Originally posted by CapNColostomy
As far as your opinion on whether or not they actually help by feeding and clothing people, I fail to see what grounds for debate you have to stand on. Feeding people helps people. Clothing people helps people.
Yes, but what you fail to consider is cultural norms and practices that already exist. For instance, I've a friend that did a recent ethnography in Southern Mexico on an indigneous culture that was subjected to Christian Missionary work. Her findings were that infant mortality rate, as well as maternal death rate increased. As did the rate of medical complications at birth. Significantly.
What did this have to do with the Christian Missionaries? It turns out that these complications and mortality rates were directly correlated to the birth weights of the infants, which increased at comparable rates. The problem with this is that natural selection had already compensated for low birth weight children and the mothers had dropped the alleles for larger pelvic bones in favor of smaller, more narrow ones.
As a result, the necessity for cessarian sections became common place, increasing the cost of health care. Larger birth weight babies increased the cost of food needed to provide nutrition, since the mothers weren't producing enough milk. Bottles were then introduced to provide additional nutrition, which, again, incurred more cost. In addition, bottles & nipples introduced bacteria and viruses that weren't present before or were eliminated by the antibacterial/antiviral properties of the mother's milk.
Now, in that same region, infant/maternal mortality rates are higher; C-sections are commonplace; health care costs are prohibative; nutrition and infant care costs are prohibitive; etc.
All because Christian Missionaries supplied pre-natal vitamins for free.
There are many, many other altruistically intended actions of Christian Missionaries, as well as completely self-serving examples. The introduction of diseases, including (especially?) STDs to indigenous peoples. The encouragement by Christian Missionaries for indigenous to abandon subsistance strategies that have worked for centuries in favor of cash crops, which lead to economic collapse of the culture; the use of missionaries to secure footholds for colonization; the encouragement of missionaries to have indigenous peoples abandon their cultural traditions and "modernize." etc, etc, etc.
Cultural Obliteration
Take these two missionaries (
http://www.geocities.com/mdshreve/), for instance. They seem to think that it is there duty to deliver their god's word to those that already have a religion and culture in PNG.
Of the world's 6,809 living languages over half of them still do not have an indigenous translation of God's Word. Thus millions of people are cut off from the Gospel of Jesus Christ by language barriers.
It is the mission of God through the church to lovingly proclaim his message of ultimate grace to people in every language group around the world.
Discipled and sent by Southeast Christian Church in Louisville, Kentucky, our goal is to see local bodies of believers among the Abu people of Papua New Guinea worshiping the Lord in the power of his Spirit with Scriptures in use.

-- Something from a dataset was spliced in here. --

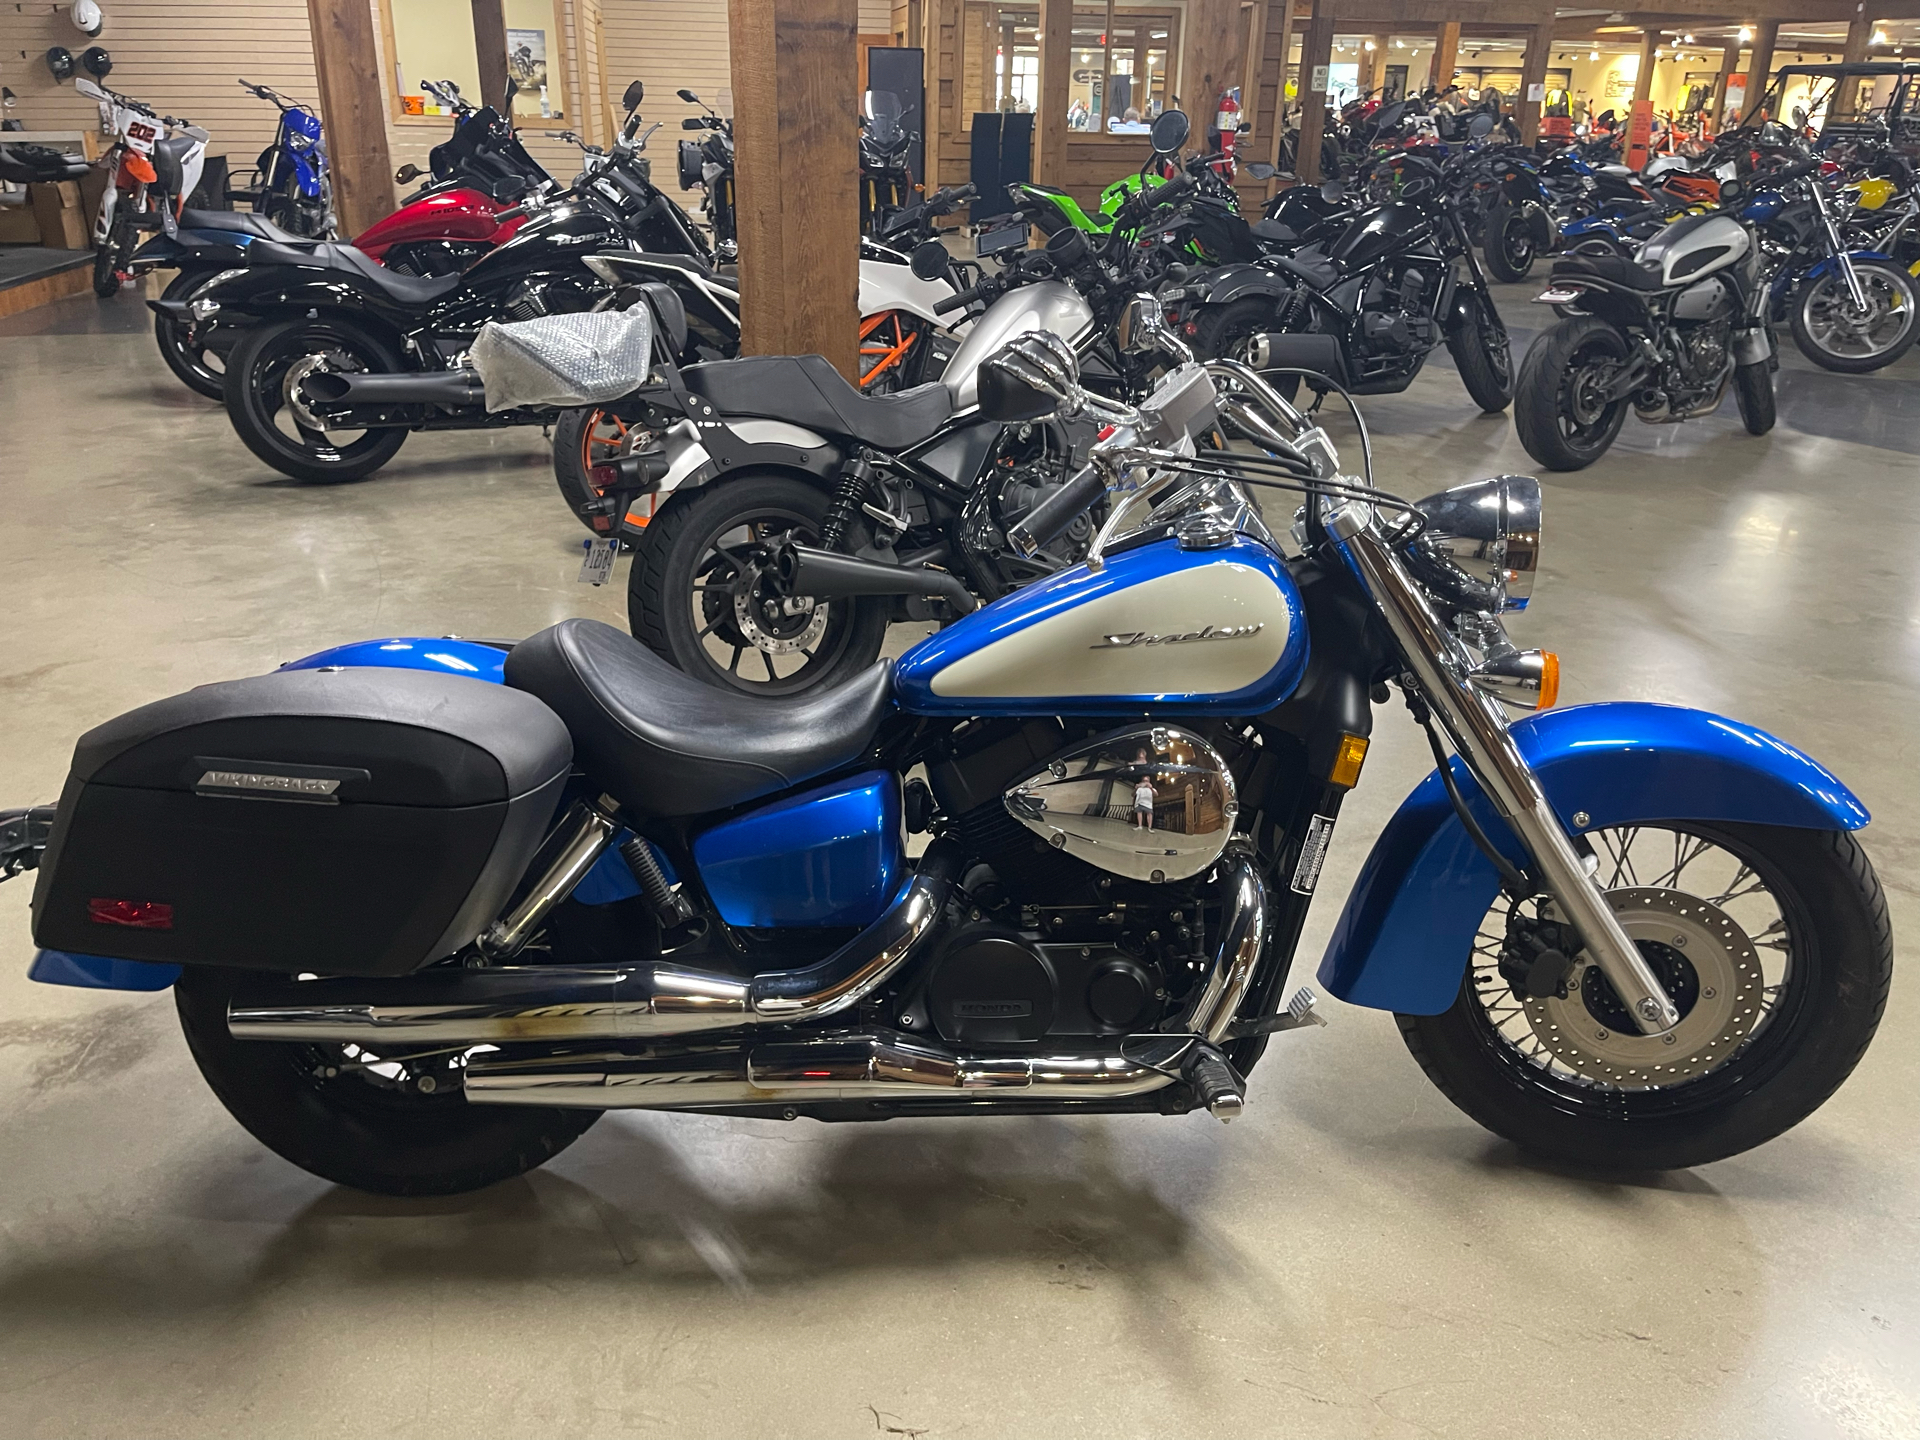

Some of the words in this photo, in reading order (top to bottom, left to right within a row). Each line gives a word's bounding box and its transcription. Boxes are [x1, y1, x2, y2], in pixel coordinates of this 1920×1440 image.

[1316, 68, 1327, 76] NO
[126, 121, 157, 144] 202
[1089, 622, 1265, 649] Shadow
[960, 1003, 1024, 1014] HONDA

We believe our role in God's mission is to make disciples among the Abu people through vernacular Bible translation, literacy and other teaching ministries.

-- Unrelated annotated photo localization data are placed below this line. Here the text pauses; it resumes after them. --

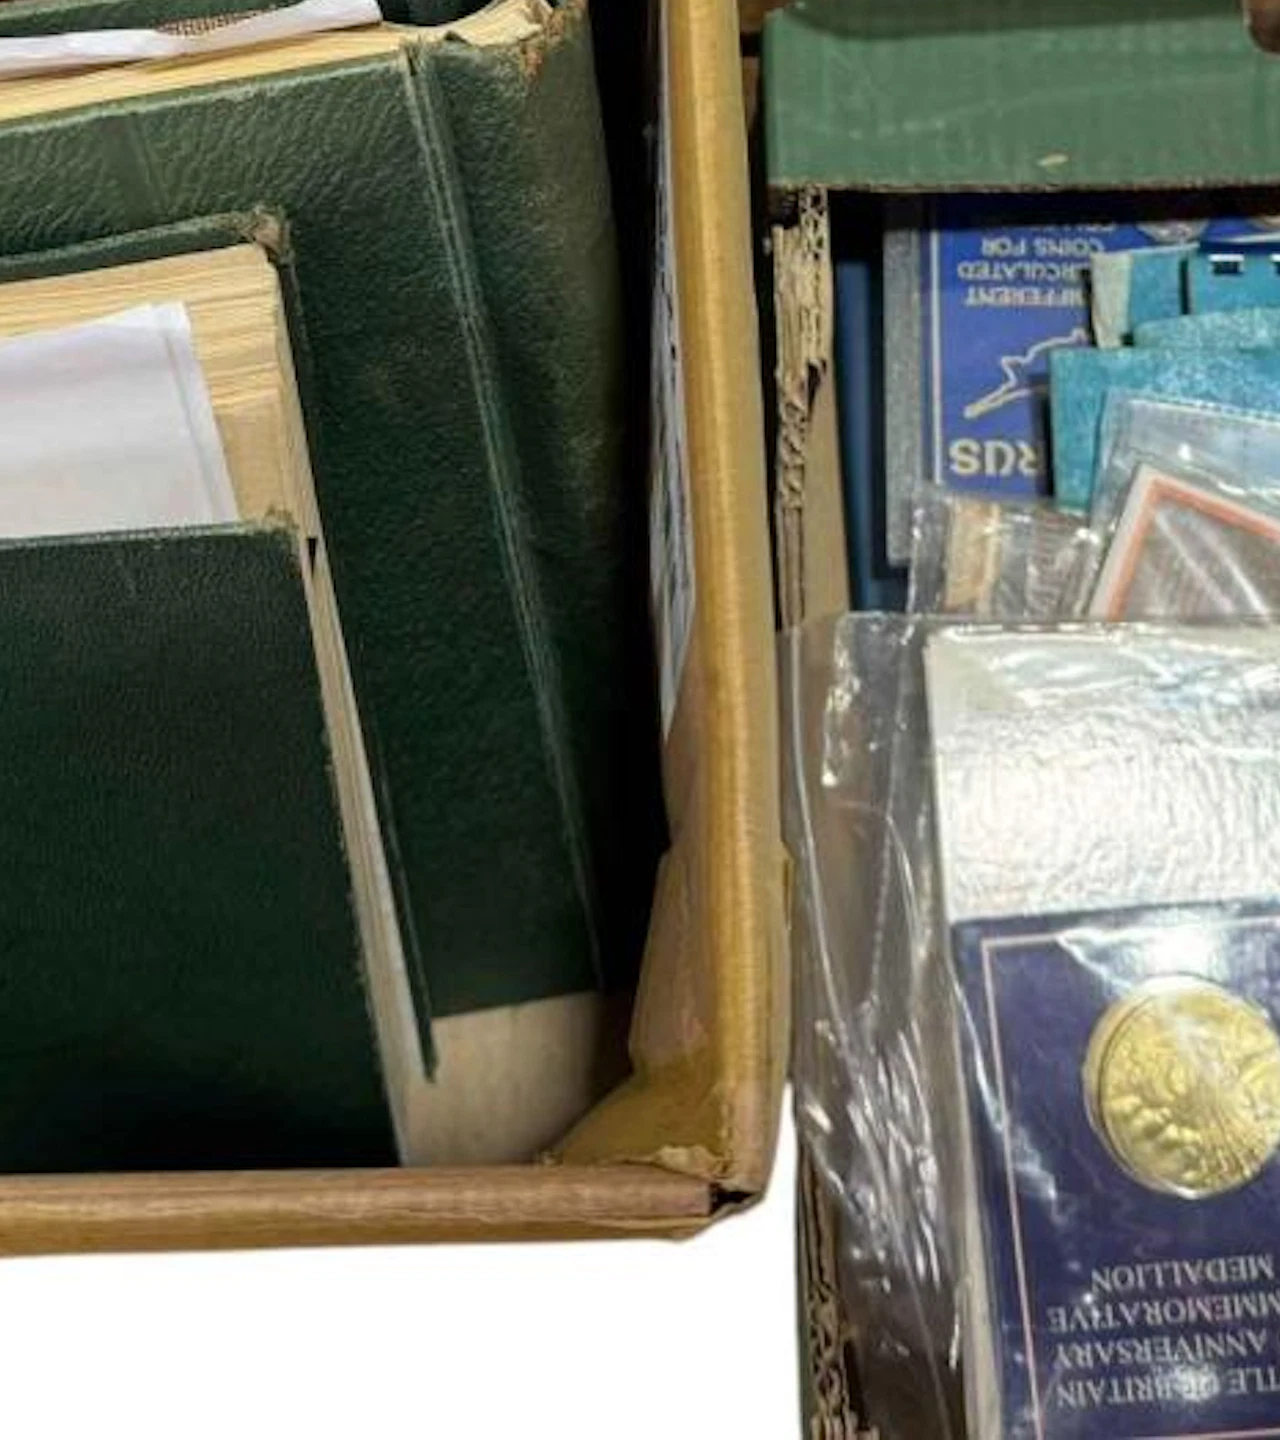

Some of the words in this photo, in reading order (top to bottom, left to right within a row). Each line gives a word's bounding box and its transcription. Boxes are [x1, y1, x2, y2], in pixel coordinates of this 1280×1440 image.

[981, 236, 1027, 258] FOR
[1032, 236, 1106, 258] COINS
[948, 438, 1038, 477] RUS
[1091, 1254, 1275, 1293] MEDALLION
[1054, 1328, 1268, 1370] ANNIVERSARY
[1056, 1374, 1175, 1410] BRITAIN

The only validation these two have that their "word" is superior to the Abu people of PNG is, well.... their "word."
In the mean time, I'm sure the Abu people will gladly trade their primitive religion for one that can supply them with a bag or two of sugar. Bribery will get christians everywhere in countries where commodities are controlled by availability.
Ironically, Shreves (the minister at the link) criticizes the Abu for "not knowing" what happens to a person when they die. At least these primitive Abu are at least occasionally willing to admit when they "don't know" something rather than create a myth then repeat it as fact. Shreves doesn't seem to understand the difference between "knowing" and "believing."